Это чисто профессиональное чувство: почти безотлагательное вознаграждение публикацией. То же самое, только еще быстрее, получает на сцене эстрадный комик, музыкант или актер, но если вы подсели на печатное слово, на сомнительную власть черных буковок, то иного удовлетворения вам не дано. Высший кайф — это сенсация на первой полосе, но и ведущий материал на нечетной странице тоже ничего так вставляет, и только подвал на четной обламывает.

Закуриваю еще один косяк, чтобы отметить это событие, но меня начинает клонить в сон, и, дабы прийти в норму, приходится лизнуть спида, уже-точно-последнюю-вечернюю микродозу, и догнаться порцией другого кайфа: «Trompe le MOnde».

Глава вторая

Холодная фильтрация

Чертовски хочется заскочить в газету и прихватить свежий номер прямо из-под пресса, который сейчас грохочет, сотрясая все здание. Запах еще не высохшей типографской краски всегда усиливает журналистский кайф, к тому же интересно глянуть мою статью об «Авангарде» — какое там насилие учинили над ней субредактора; но пока я еду по Николсон-стрит, мне приходит в голову, что этот субчик, этот суб — суб-редактор, [22] режущий статью о суб-марине, — должен выглядеть очень забавно, и меня помимо воли начинает душить смех: я чихаю, кашляю, размазываю по щекам слезы. Решив, что слишком устал и не сумею изобразить трезвую физиономию перед печатниками, я направляюсь прямиком домой.
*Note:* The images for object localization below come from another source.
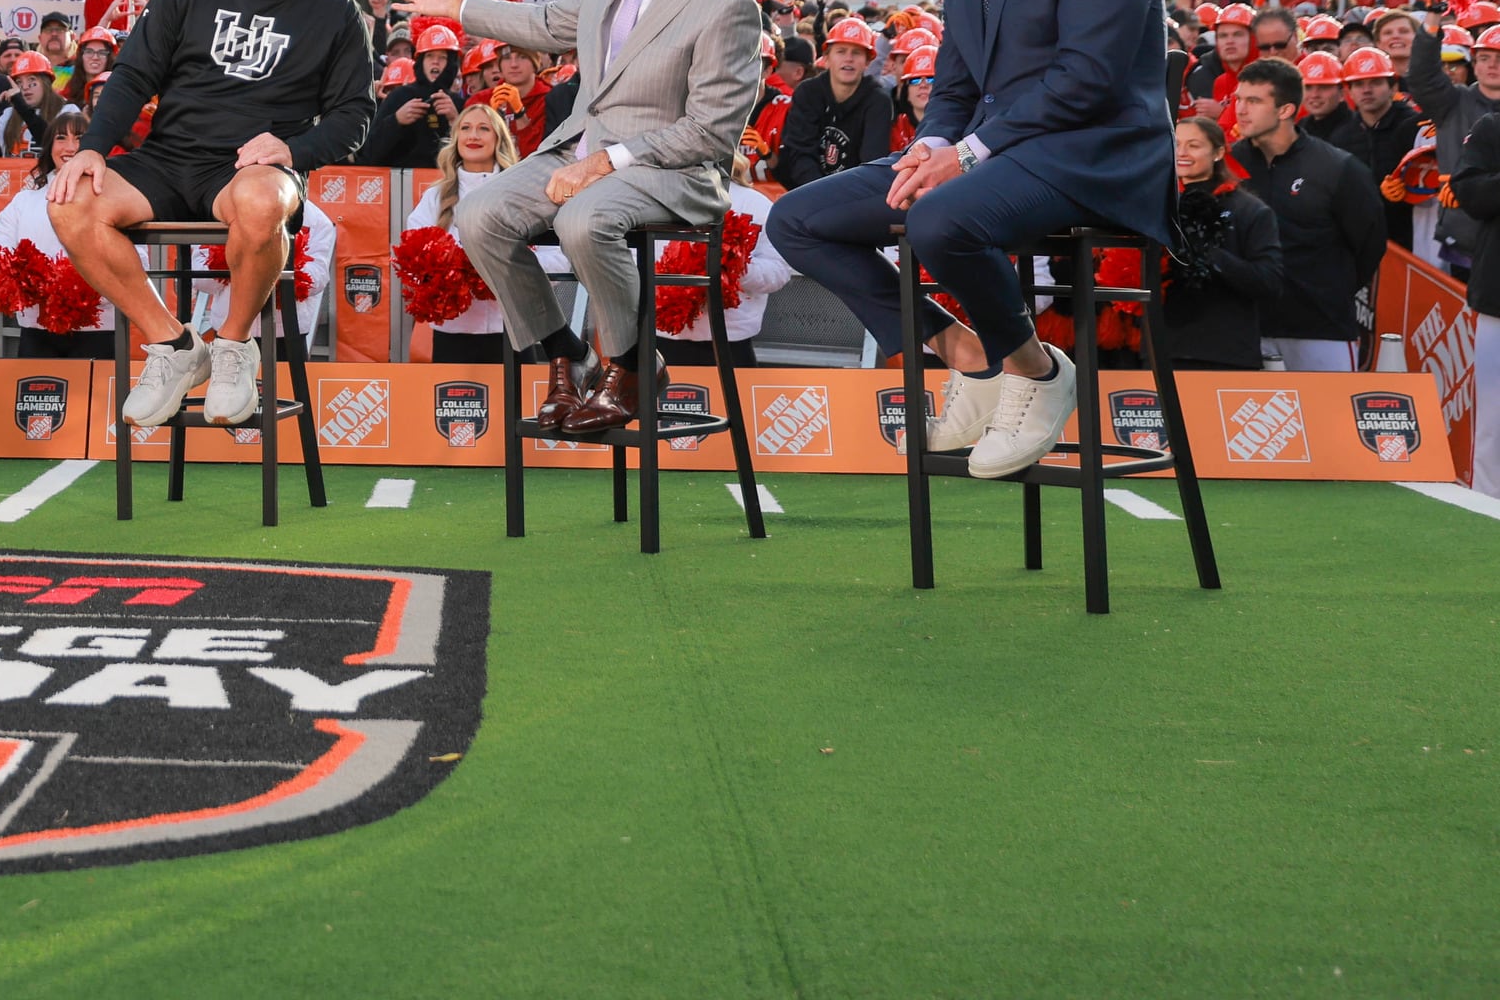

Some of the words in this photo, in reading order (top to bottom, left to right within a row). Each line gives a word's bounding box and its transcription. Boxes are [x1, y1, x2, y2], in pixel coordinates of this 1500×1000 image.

[16, 402, 65, 412] GAMEDAY
[23, 395, 60, 403] COLLEGE
[325, 387, 355, 413] THE
[442, 401, 481, 409] COLLEGE
[662, 403, 702, 412] COLLEGE
[762, 393, 791, 420] THE
[1230, 397, 1261, 427] THE
[319, 380, 388, 446] HOME
[346, 405, 388, 447] DEPOT
[436, 408, 487, 418] GAMEDAY
[756, 387, 828, 454] HOME
[1119, 410, 1162, 418] COLLEGE
[1227, 391, 1300, 460] HOME
[1357, 420, 1416, 431] GAMEDAY
[1362, 412, 1409, 421] COLLEGE
[785, 412, 829, 454] DEPOT
[1259, 418, 1304, 462] DEPOT
На Чейн-стрит оказываюсь около часа ночи и, совершив привычную экскурсию под названием «Ночной Стокбридж» в поисках местечка, где бы припарковаться, в конце концов нахожу его возле самого дома. Я устал, но спать еще не хочется, поэтому выкуриваю заключительный косяк и наливаю себе на два пальца молта «Теско».

В течение следующих двух часов я слушаю радио, краем глаза смотрю ночной телеканал, пытаюсь довести до ума статью о виски и держу руки подальше от «Деспота», потому что знаю: стоит мне только начать, я просижу за компьютером до утра и встану черт знает когда (а в двенадцать у меня назначено интервью с управляющим винокурней), поэтому я запускаю «Ксериум» — чистое развлекалово, ничего серьезного; оттягиваешься, но не затягивает.
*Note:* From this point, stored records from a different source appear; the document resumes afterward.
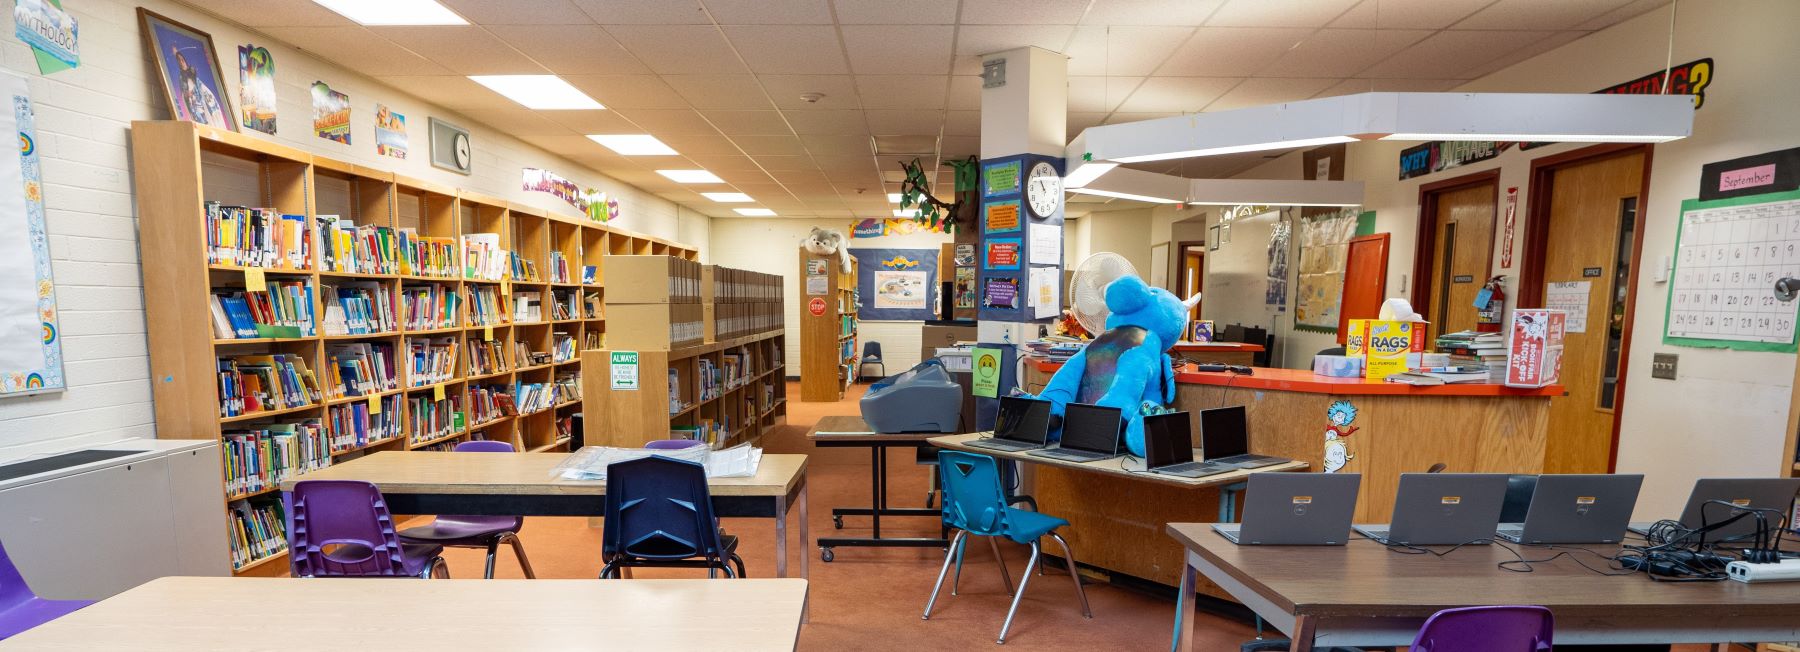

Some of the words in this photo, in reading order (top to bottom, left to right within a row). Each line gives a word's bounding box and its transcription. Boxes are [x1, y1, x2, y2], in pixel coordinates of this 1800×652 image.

[16, 12, 76, 52] MYTHOLOGY
[1402, 148, 1429, 173] WHY
[1724, 171, 1771, 189] September
[1792, 220, 1800, 233] 2
[1734, 248, 1740, 259] 6
[1753, 246, 1760, 257] 7
[1771, 246, 1778, 258] 8
[1787, 244, 1794, 257] 9
[1713, 272, 1720, 282] 12
[1731, 271, 1740, 283] 13
[1748, 272, 1757, 283] 14
[1764, 271, 1774, 283] 15
[1711, 294, 1718, 305] 19
[1727, 295, 1737, 305] 20
[1743, 295, 1753, 306] 21
[1762, 296, 1774, 306] 22
[1705, 316, 1714, 326] 26
[1723, 317, 1733, 327] 27
[1741, 317, 1752, 328] 28
[1759, 318, 1770, 330] 29
[1776, 319, 1789, 331] 30
[1371, 336, 1409, 348] RAGS
[613, 354, 637, 363] ALWAYS
[1518, 340, 1530, 382] KICK-OFF
«Ксериум» — давний мой любимец, почти что приятель, и все же кое с какими заморочками в нем я так и не сумел разобраться; подсказок в журналах я не искал — хочется расколоть этот орешек самому (что вообще-то мне несвойственно), да и мне нравится просто летать там и добавлять новые места на карту островного континента, где происходит действие.

В конце концов я вдрабадан разбиваю старый добрый корабль «Спекулянт», стараясь, как обычно, отыскать возможно несуществующий проход между вершинами горной системы Зунд. Могу поклясться, я уже исследовал каждую расселину в этих проклятых скалах, черт, я даже пробовал лететь прямо сквозь них, решив, что одна из вершин может быть голограммой или чем-нибудь вроде, но каждый раз вдребезги разбивался; похоже, проникнуть за эту горную цепь или набрать достаточно высоты, чтобы пролететь над нею, просто невозможно. Какой-то путь в этот окруженный со всех сторон горами квадрат должен быть, только вот нащупать его мне все никак не удается, а уж сегодня — абсолютно точно ни хера не получится.

Решив, что хватит усердствовать, я загружаю более медленную из двух моих программ «Астероиды» и крошу в мелкие атомы несколько миллиардов тонн высокохудожественно-монохромных каменюг, пока у меня не начинает резать глаза, а пальцы затекают, и, значит, пора выпить чашечку бескофеинового кофе — и баиньки.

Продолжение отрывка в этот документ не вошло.